This case study examines De Beers' strategic marketing practices within the global diamond industry. It compares the De Beers cartel to OPEC, analyzing market leadership, price maintenance, and collusion across both monopolistic structures. The paper then shifts to a competitive strategy scenario, outlining how a new Canadian diamond company might challenge De Beers in export markets through adaptation, customization, and process innovation. A process map for implementing fair trade operations is proposed, culminating in an assessment of De Beers' current operations against five key performance objectives — quality, speed, dependability, flexibility, and cost — in the context of a transition toward ethical and transparent business practices.
The paper demonstrates applied case analysis: it moves from descriptive industry comparison to prescriptive strategy formulation, and finally to operational design. Each section builds on the last, showing how strategic choices (cartel vs. brand-led competition) cascade into operational implications (process maps, governance structures, cost frameworks). This layered argumentation is characteristic of strong business school case work.
The paper is organized into two main questions, each subdivided into parts. Part I of Question 1 addresses cartel comparison and lessons learned. Part II proposes a competitive market entry strategy. Question 2 Part I presents a fair trade process map with governance design. Part II evaluates De Beers' operations against five performance objectives. The structure moves logically from macro-industry analysis to firm-level strategy to operational execution.
The diamond and oil industries are not unique in creating conditions that allow for collusion and price maintenance. High-tech industries — including semiconductor manufacturing, peripherals and PC production, and enterprise software — have all shown the potential to be fertile ground for collusion and price maintenance. Collusion has also been the catalyst for government investigations into the chicken industry in Africa and the United States. For example, collusion by Tyson Foods within its own value chain to keep chicken prices below those of a smaller rival eventually drove that competitor out of business. Collusion in the food industry in Africa is pervasive, driving up food costs in nations where people are already facing food insecurity.

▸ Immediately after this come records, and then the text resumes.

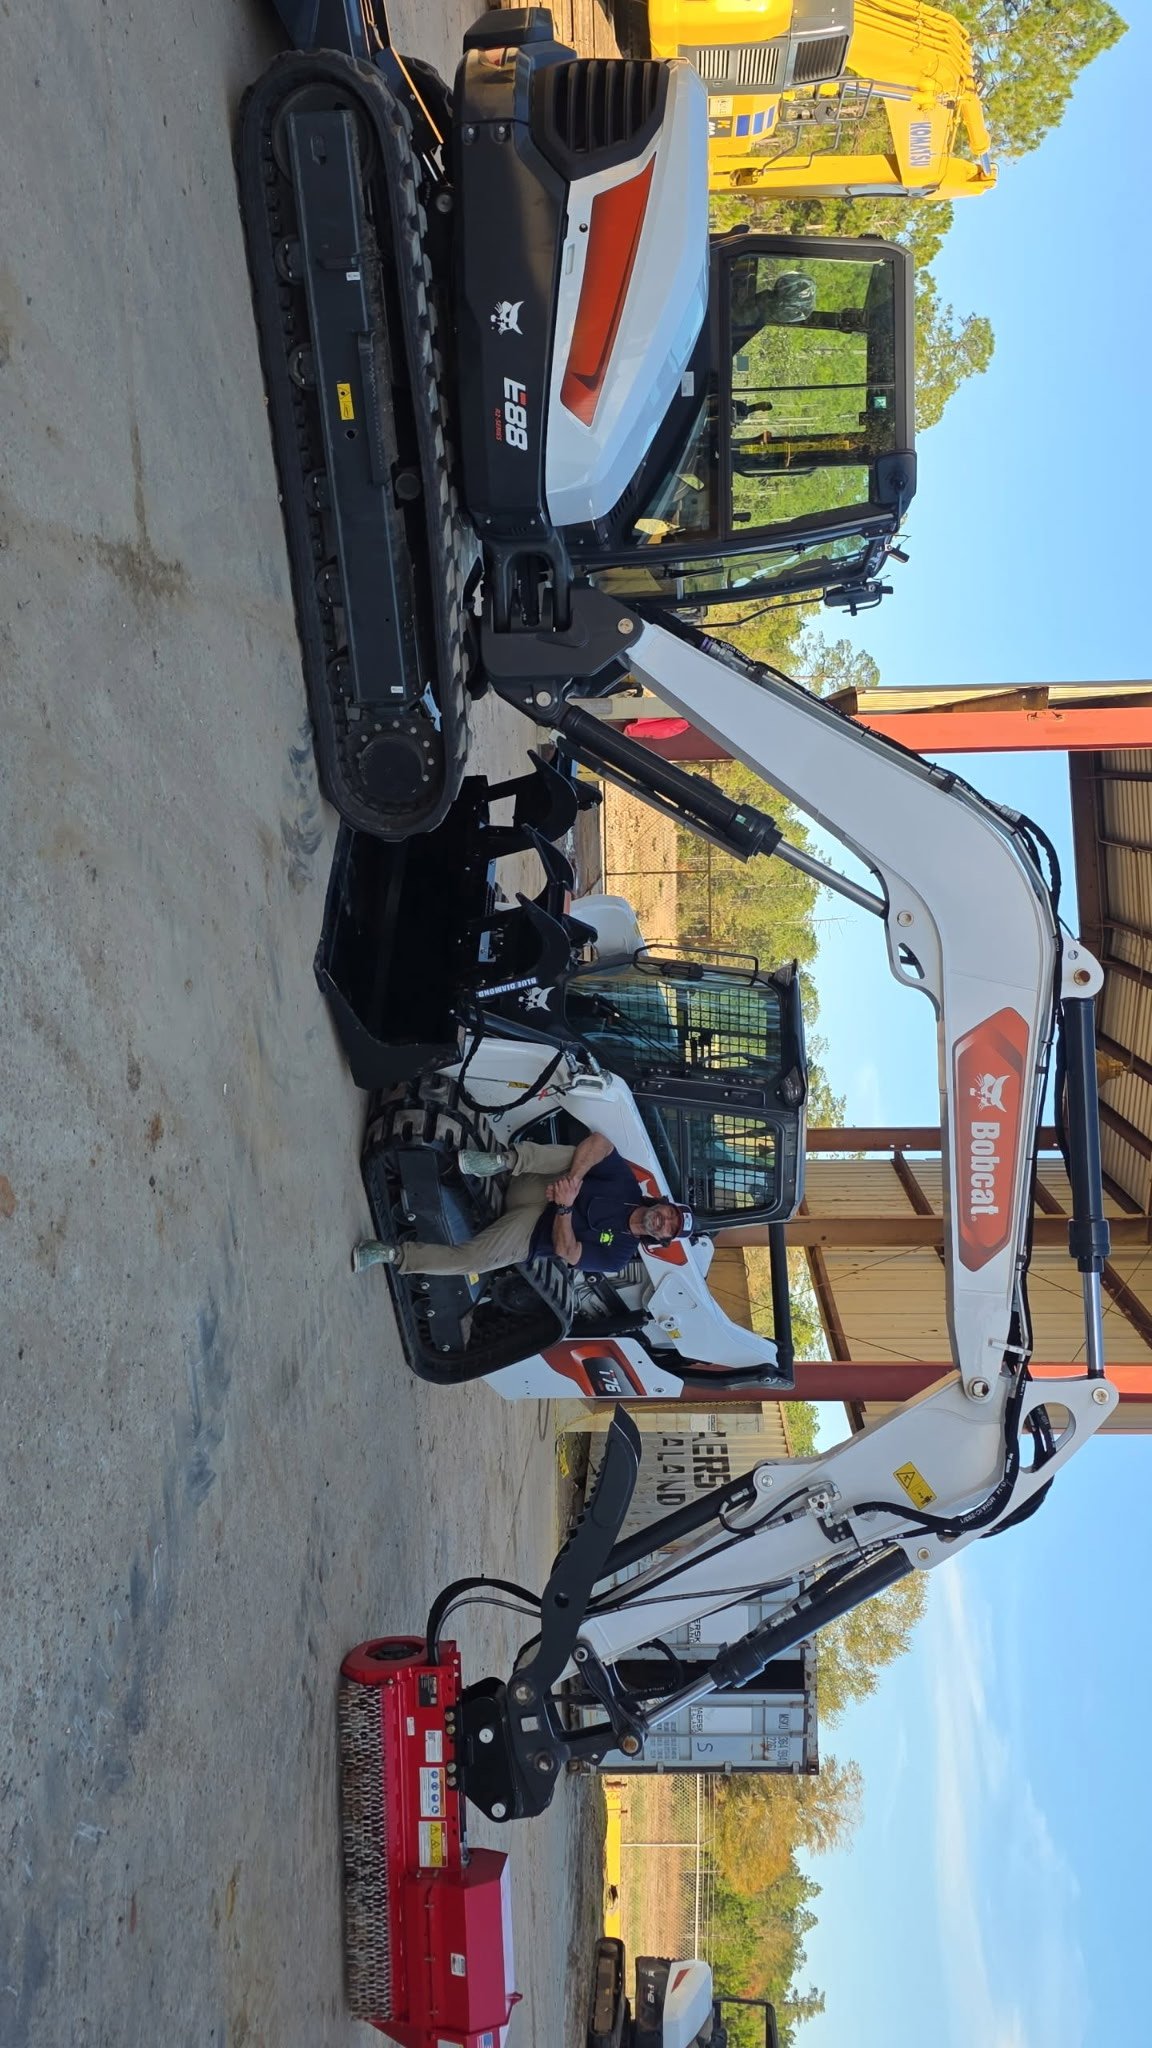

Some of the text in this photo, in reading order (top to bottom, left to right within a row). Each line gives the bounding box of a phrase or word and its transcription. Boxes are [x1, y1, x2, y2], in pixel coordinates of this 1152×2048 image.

[910, 121, 933, 167] KOMATSU
[494, 408, 502, 441] R2-SERIES
[504, 377, 528, 451] E88
[477, 976, 537, 998] BLUE DIAMOND
[970, 1121, 1000, 1215] Bobcat
[598, 1370, 622, 1392] T76
[656, 1432, 686, 1506] ALAND
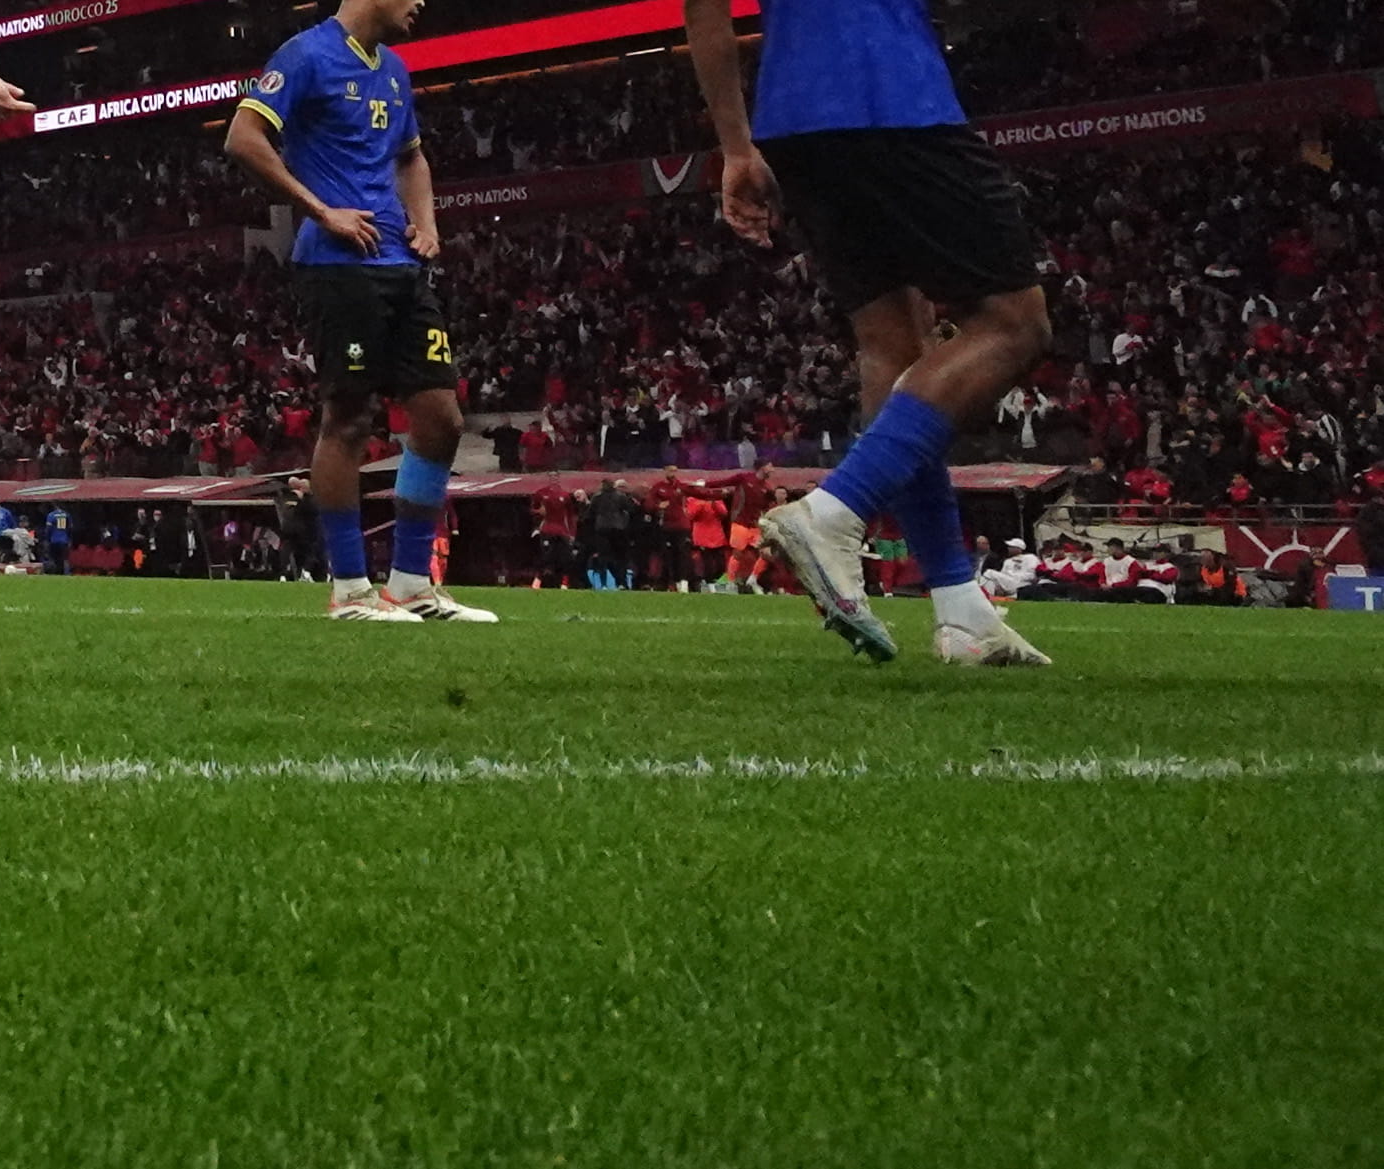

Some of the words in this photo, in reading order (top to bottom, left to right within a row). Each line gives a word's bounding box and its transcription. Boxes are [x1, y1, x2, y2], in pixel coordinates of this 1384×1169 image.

[45, 2, 104, 26] MOROCCO
[104, 0, 119, 15] 25
[57, 108, 89, 125] CAF
[99, 97, 140, 120] AFRICA
[141, 94, 165, 113] CUP
[166, 90, 183, 108] OF
[184, 80, 237, 105] NATIONS
[369, 99, 389, 129] 25
[994, 124, 1057, 147] AFRICA
[1059, 117, 1093, 139] CUP
[1095, 114, 1122, 136] OF
[1123, 105, 1208, 131] NATIONS
[474, 186, 528, 206] NATIONS
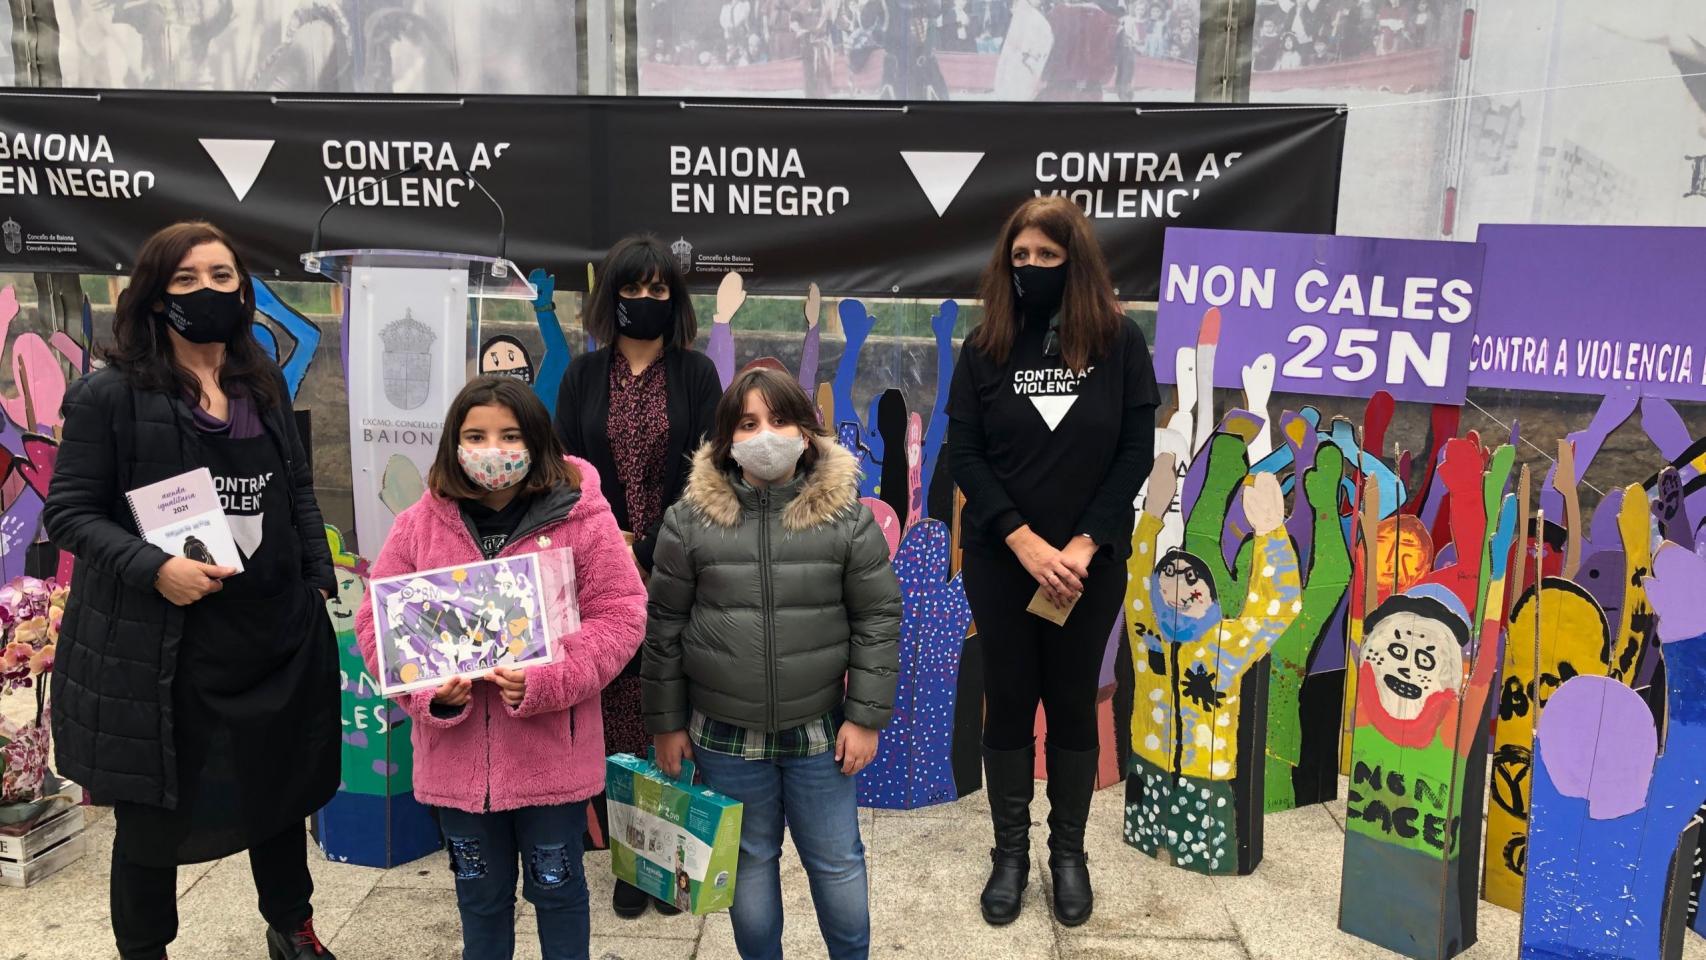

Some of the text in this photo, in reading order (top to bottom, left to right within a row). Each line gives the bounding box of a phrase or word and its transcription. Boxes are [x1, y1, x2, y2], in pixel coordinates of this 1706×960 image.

[0, 132, 114, 163] BAIONA
[322, 140, 459, 171] CONTRA
[670, 145, 805, 178] BAIONA
[0, 165, 155, 199] EN NEGRO
[1035, 151, 1184, 183] CONTRA
[324, 176, 475, 207] VIOLENC
[671, 182, 850, 216] EN NEGRO
[1166, 263, 1473, 324] NON CALES
[1282, 324, 1451, 388] 25N
[1469, 333, 1549, 376] CONTRA
[1553, 338, 1568, 377] A
[1577, 339, 1693, 384] VIOLENCIA
[1013, 380, 1080, 395] VIOLENC
[1014, 368, 1074, 383] CONTRA
[363, 428, 434, 446] BAION
[395, 420, 438, 429] CONCELLO
[172, 504, 189, 514] 2021

De Beers' successful creation and maintenance of its diamond cartel, enforced through pricing as the primary commercial weapon, closely resembles the cartel structure of the Organization of Petroleum Exporting Countries (OPEC). Understanding how these two cartels operate in parallel offers important lessons for students of strategic marketing and industrial economics.
Each of these cartels' market leadership occurs despite a relatively inelastic demand curve for the commodities they specialize in. Both De Beers and OPEC have maintained dominance across several shared dimensions, which can be analyzed point by point.
First, both cartels are extremely protective of their specific markets, despite each defining those markets somewhat differently. De Beers sees its primary segment as upper-income diamond purchasers, while OPEC considers North America to be its most critical market segment.
Second, both cartels view nationalism as a threat to their ability to maintain control over their served markets. For OPEC, greater nationalism has manifested in the form of gas and oil conservation efforts, the growth of hybrid and electric vehicles, and decisions to open up offshore oil fields along the Eastern and Western coasts of the United States.
Third, both cartels have served as a catalyst for other nations to become aggressively nationalistic in defining their own domestic sources of supply relative to the limited commodities each cartel provides.
Fourth, both cartels have, over time, experienced declining control over the increasingly chaotic buying side of their value chains. For De Beers, the rise of Walmart as one of the most dominant jewelry retailers globally — and its proven ability to enforce pricing and product standards on suppliers — is the most visible sign of how disorganized previously orderly retail channels had become. For OPEC, the buying side of the value chain was tested as many North Americans fundamentally changed their oil and gas consumption patterns in response to fears of escalating gasoline prices.
In the context of this case study, De Beers has found that its buyers are capitalizing on chaos in distribution channels and shopping for the best price, irrespective of the company's branding messages aimed at affluent North American consumers or its attempts to create channel alliances.
Fifth, both cartels manipulate their supply chains and the resulting supply-side economics of their industries, while also attempting to define the precise optimal price on their industry demand curves. Monopolists who run cartels, regardless of product, attempt to control the interaction of both demand and supply in order to determine the intersection of those curves, thereby defining optimal pricing for profit and managing their controlled value chains. De Beers and OPEC have succeeded in keeping their respective cartels functioning by rewarding or punishing members of the industry-wide value chain — effectively a form of forced collusion.
Sixth, monopolies often struggle with imprecise measures of demand and are equally challenged when demand drops or rises exceptionally fast. Rather than relying on demand generation through marketing, monopolists who run cartels attempt to manipulate demand and supply curves until a new optimal price point is reached. Because De Beers and OPEC both own their entire value chains, defining a new artificial — and often inflated — optimal price point is achievable. That price point is then used as an incentive for others to cooperate with the cartel or face financial harm if they do not.
In terms of lessons learned for other companies, the first is to avoid relying purely on the ability to manipulate demand and supply chains and instead focus on building a brand that attracts new customers and retains existing ones. In the De Beers case, branding is a secondary strategy relative to keeping the cartel in place and controlling the industry's value chain — an imbalance that creates long-term vulnerability.